Sunak’s tax cut agenda highlights post-Brexit vote weakness

4 min. 23.05.2022
Many UK companies sit on significant cash piles after pausing dividends and capital investment plans at height of pandemic
UK Chancellor of the Exchequer Rishi Sunak
UK Chancellor of the Exchequer Rishi Sunak
Photo credit: AFP

UK Chancellor of the Exchequer Rishi Sunak’s plea for businesses to boost investment highlights a key weakness in the UK economy that company executives have long complained about.

Britain has fallen behind other advanced economies in the Group of Seven when it comes to the amount businesses are investing in everything from research and development to improving technology and equipment. 

The gap has widened since the vote to leave the European Union and is one of the issues holding back the long-term growth potential of the UK economy. Sunak this week vowed to cut taxes to spur investment. While that won’t do much to address the cost-of-living crisis hitting consumers, it’s an idea embraced by business executives.

“He has a very good point,” John Browne, the former chief executive officer of the oil major BP, said in an interview. “We need to invest more in innovation and more in R&D. Industry is not spending enough. The balance is too much government spending.”

Business investment is crucial because it increases productivity, which also is lagging in the UK. Boosting it would help Prime Minister Boris Johnson deliver on a pledge to lift living standards in poorer parts of the country under his “levelling up” agenda.

The debate comes at a critical juncture both for the government and executives. Many UK companies are sitting on significant cash piles after pausing dividends and capital investment plans at the height of the pandemic. 

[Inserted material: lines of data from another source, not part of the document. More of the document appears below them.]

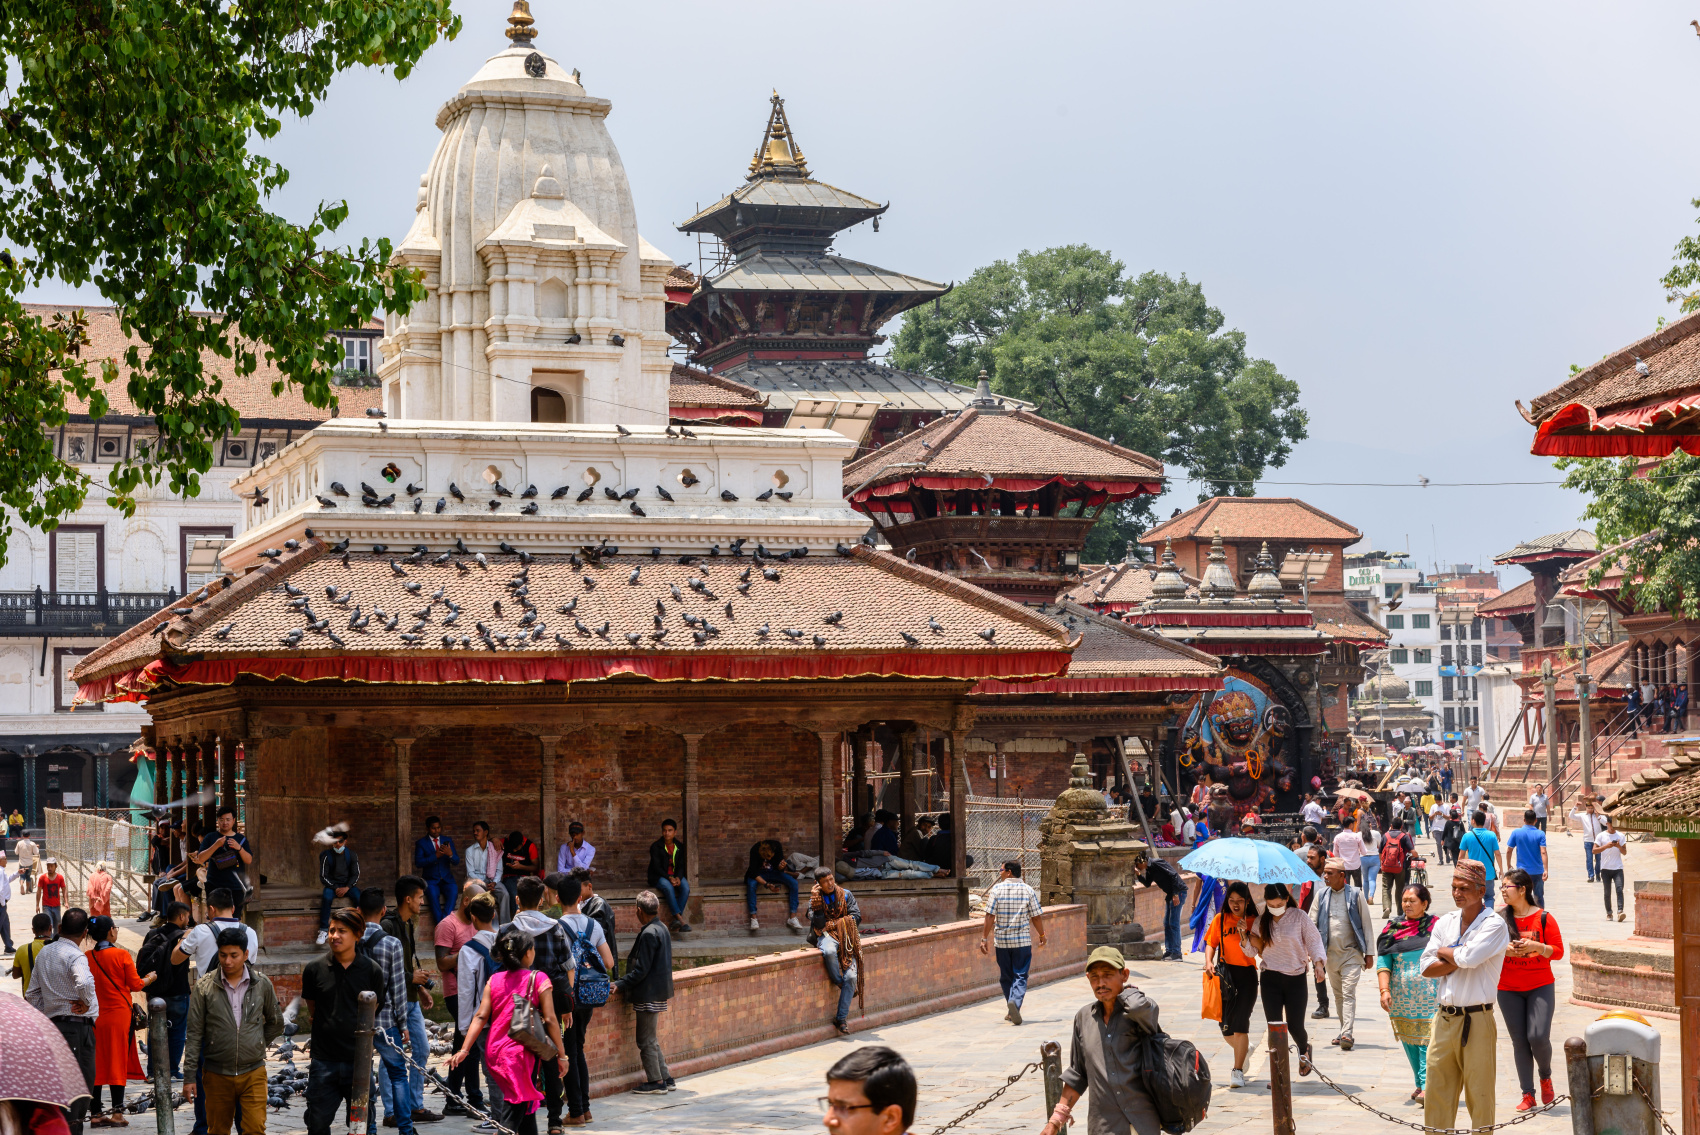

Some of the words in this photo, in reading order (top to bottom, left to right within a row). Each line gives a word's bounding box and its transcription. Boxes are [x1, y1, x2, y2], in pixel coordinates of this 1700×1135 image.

[1358, 568, 1371, 576] OLD
[1349, 573, 1381, 586] DURBAR
[1628, 817, 1662, 832] Hanuman
[1664, 819, 1687, 833] Dhoka
[1688, 820, 1700, 833] Du
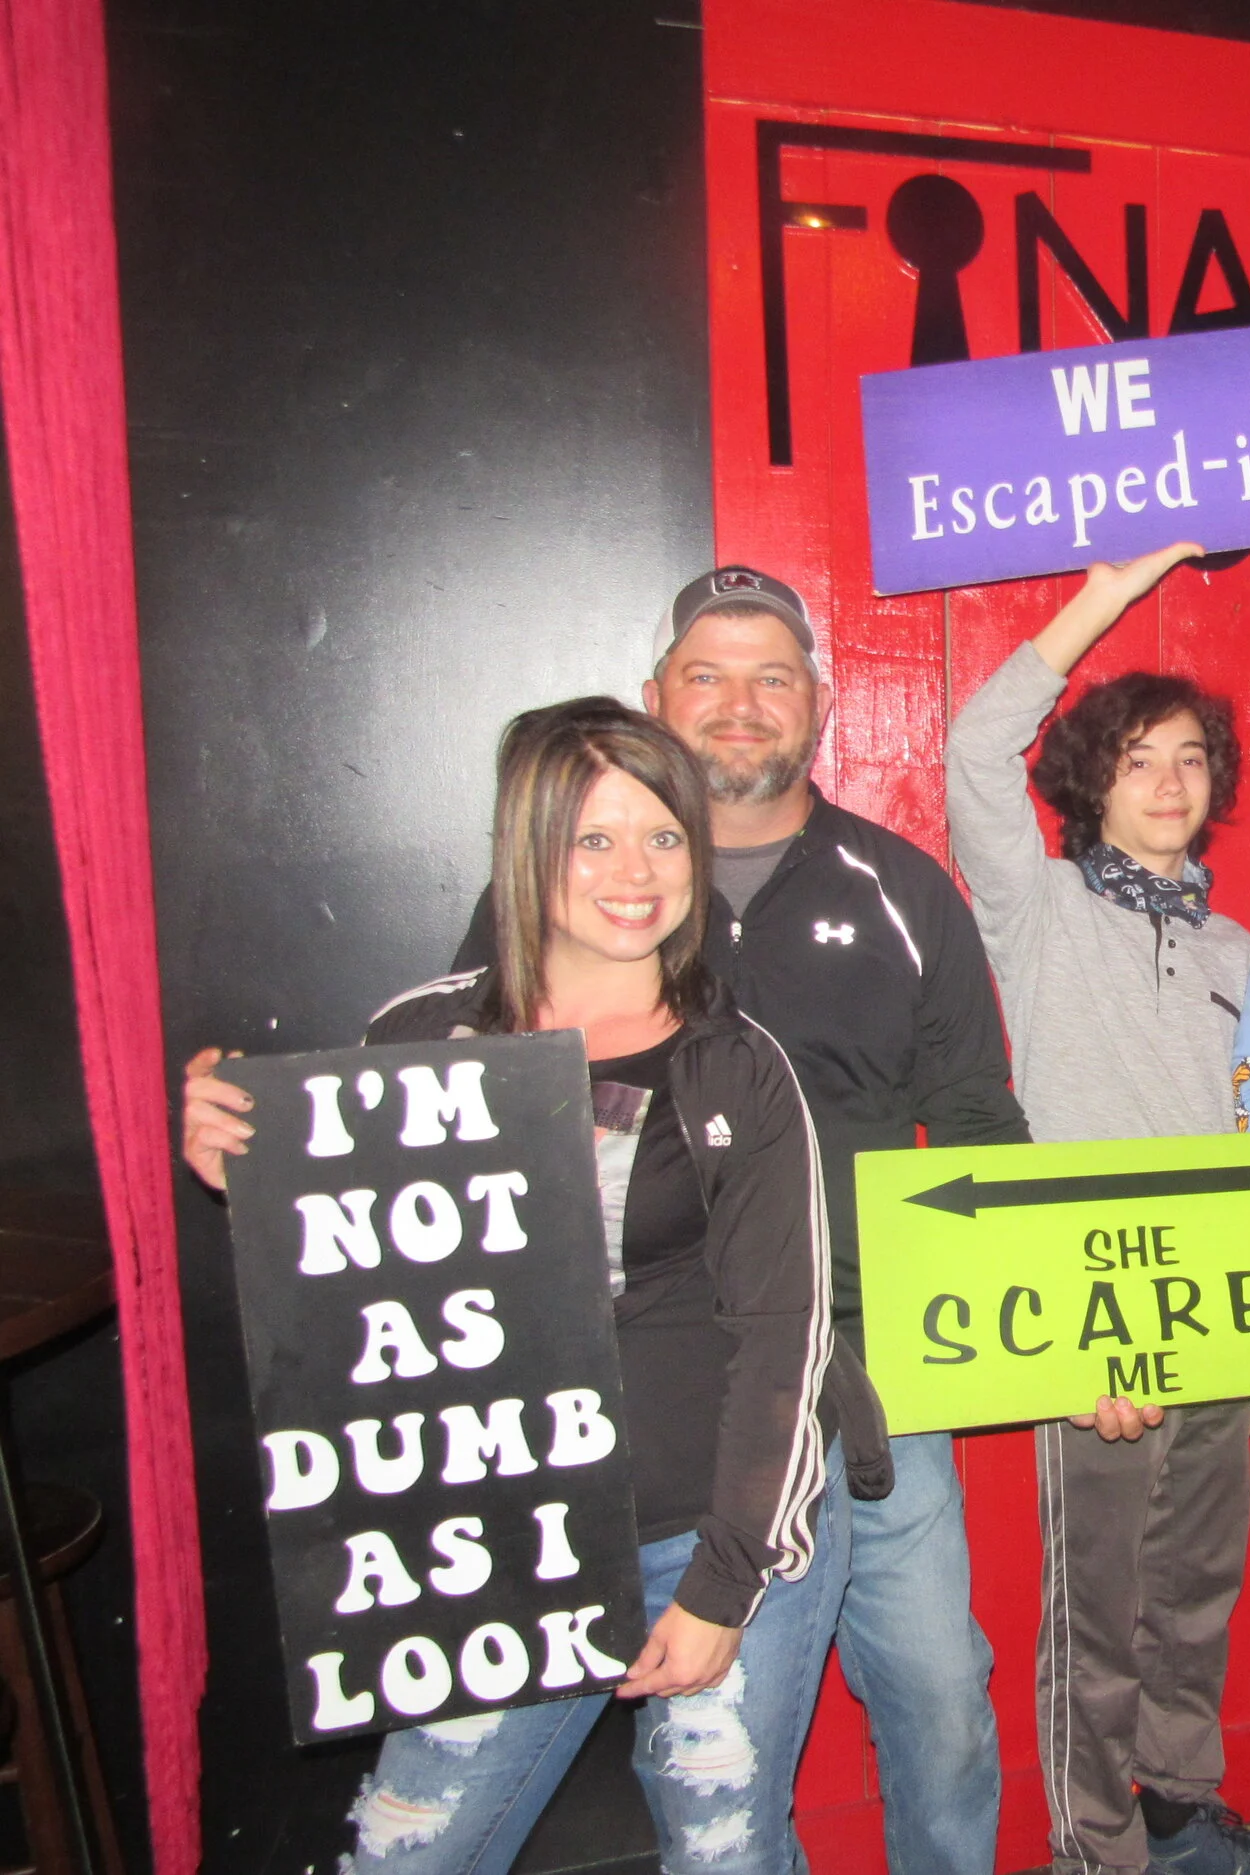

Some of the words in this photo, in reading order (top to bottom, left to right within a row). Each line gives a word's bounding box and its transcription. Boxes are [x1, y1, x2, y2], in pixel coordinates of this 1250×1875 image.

[1051, 358, 1157, 436] WE
[305, 1060, 500, 1158] I'M
[295, 1170, 529, 1276] NOT
[1083, 1225, 1181, 1272] SHE
[351, 1289, 506, 1385] AS
[1106, 1350, 1184, 1398] ME
[262, 1388, 618, 1511] DUMB
[335, 1516, 493, 1614] AS
[533, 1502, 581, 1582] I
[307, 1604, 628, 1732] LOOK

Many management teams are now choosing to return much of this surplus cash to shareholders, rewarding their patience after a tough two years of intermittent lockdowns amid a global supply chain crisis and surging inflation.

Buybacks vs investment

Businesses including Burberry and Compass and most of the large banks have announced significant share buybacks in recent weeks. Oil company BP's decision to boost its share repurchase program means that FTSE 100 companies are now collectively planning an all-time high of £37 billion (€44 billion) of share buybacks this year, according to AJ Bell.

It’s not just the big banks and oil companies returning cash either, according to Adrian Gosden, investment director at GAM. 

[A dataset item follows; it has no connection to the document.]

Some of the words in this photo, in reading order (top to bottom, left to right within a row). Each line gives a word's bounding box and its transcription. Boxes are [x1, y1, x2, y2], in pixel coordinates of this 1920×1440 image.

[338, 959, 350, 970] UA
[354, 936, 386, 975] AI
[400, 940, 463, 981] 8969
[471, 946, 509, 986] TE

“I have in my fund some small companies that are also buying back their shares because their shares are valued at maybe half times their asset value. So why not?” Gosden said.

Recommendations

The CBI, Britain’s biggest employers group, has called on Sunak to stimulate investment by cutting taxes in a way that will encourage businesses. The lobby group notes that the allowances tax authorities grant for offsetting capital investments is much less generous than in other countries, especially the US.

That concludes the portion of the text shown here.